The First Company to Build Your Identity Into Your Phone Wins the Next Decade
It’s important to understand what identity isn’t: Identity is not a password, it’s not root access, it’s not your calendar, it’s not your email, it’s not a technical achievement, it’s not your location, it’s not a user account in a system, it’s not your contacts and it’s not a feature.
So, what is identity? I think in its most basic form, your identity is the product of how you manage your attention and others’ access to that attention. Those areas where your attention is focused assemble to form a set of experiences that shape and influence where you’ll direct future attention. But that attention is interrupted all the time by people, events, things, desires, boredom, weather, etc. and that process of interruption is, largely, contained to physical space because that is a natural gate on access.
Then there’s the phone. The “phone” part of the mobile phone is important not because of the voice communication it enables, but rather from the habit and etiquette that the ringing bell created in society and the direct access it grants to the caller. It’s the promise of instant communication at the cost of having attention interrupted and redirected. The key to unlocking that attention is a semi-random sequence of digits which you can give to someone else to indicate that the person now has permission to interrupt you and to access your attention directly.
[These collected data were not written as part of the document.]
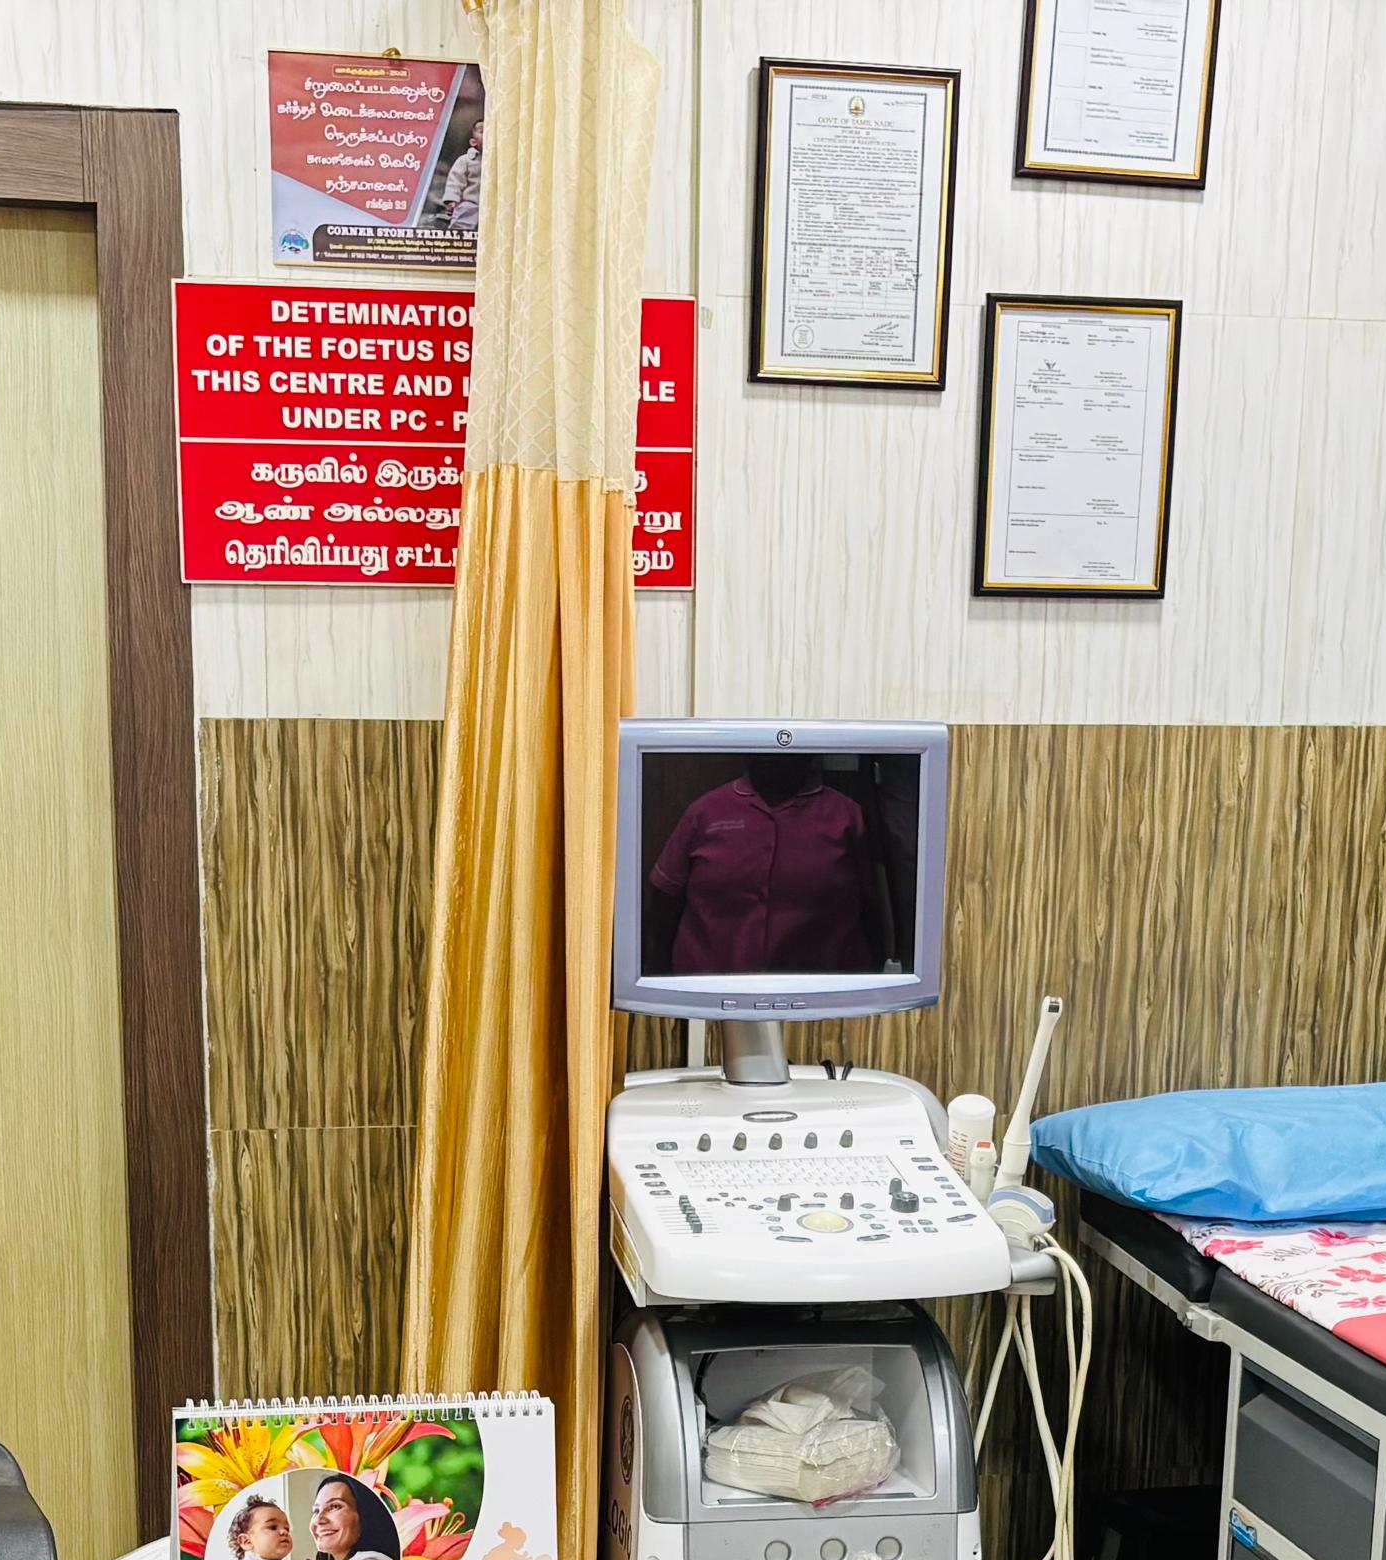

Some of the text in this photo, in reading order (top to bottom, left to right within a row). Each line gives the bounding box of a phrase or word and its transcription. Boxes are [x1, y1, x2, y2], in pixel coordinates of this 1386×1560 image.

[277, 100, 316, 120] கர்த்தர்
[327, 225, 478, 240] CORNER STONE TRIBAL MI
[271, 300, 475, 327] DETEMINATIO
[206, 334, 661, 368] OF THE FOETUS IS N
[192, 369, 260, 392] THIS
[269, 371, 384, 396] CENTRE
[393, 375, 452, 397] AND
[637, 381, 675, 402] LE
[282, 407, 381, 431] UNDER
[390, 410, 426, 431] PC
[453, 411, 469, 432] P
[251, 452, 464, 490] கருவில் இருக்
[215, 495, 314, 524] ஆண்
[225, 533, 389, 575] தெரிவிப்பது
[395, 543, 457, 568] சட்ட
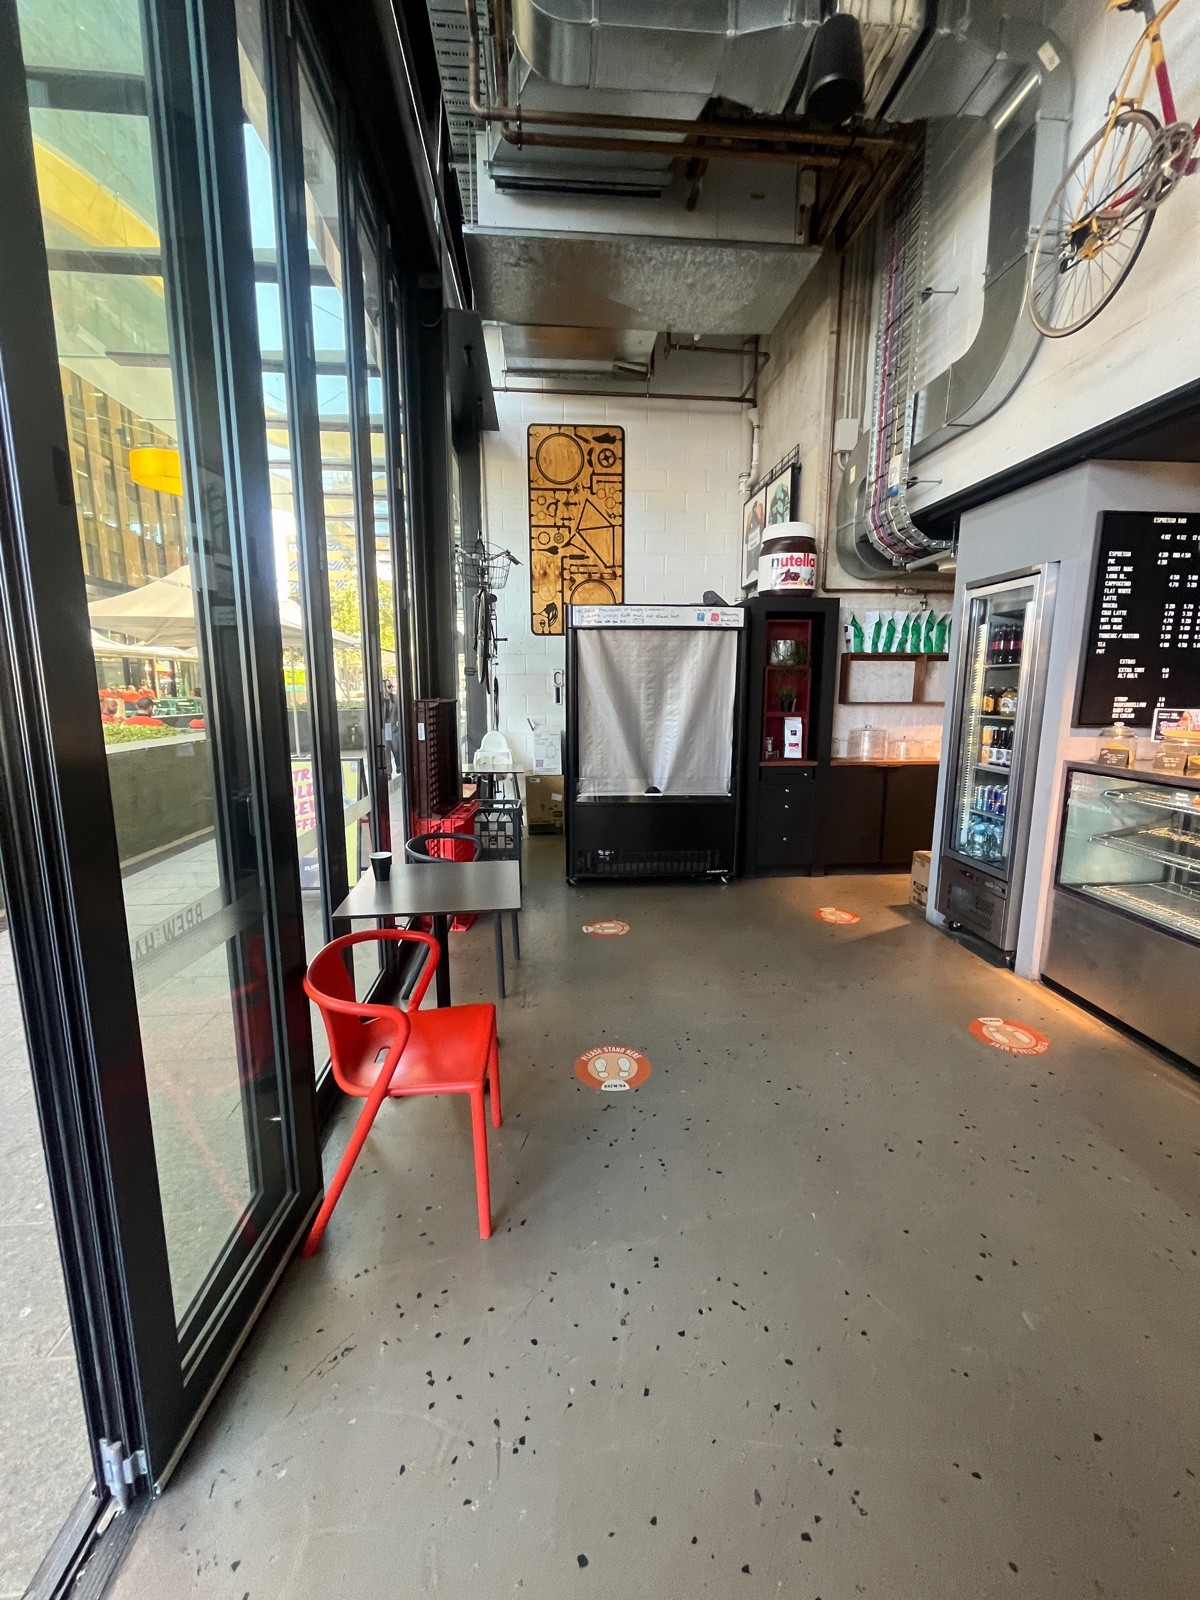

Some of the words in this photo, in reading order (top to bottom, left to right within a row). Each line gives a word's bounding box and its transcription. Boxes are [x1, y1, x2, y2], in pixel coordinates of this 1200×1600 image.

Email works so well because it is another opportunity for access and people have formed a collective habit of actively directing attention toward their inboxes at regular intervals. We have all agreed to walk to our computers and check the new mail indicator and are generally addressable through a combination of a username and domain. It’s not as insistent as the phone, though, and provides just enough lag to enable some measure of control over granting access. Twitter and Facebook have feeds which abstract away both the To: and Subject: fields of email and represent two very different networks but are nonetheless an evolution of the habits email created. Facebook further improves the method of connection through friendship and the use of real names with the network itself providing necessary disambiguation.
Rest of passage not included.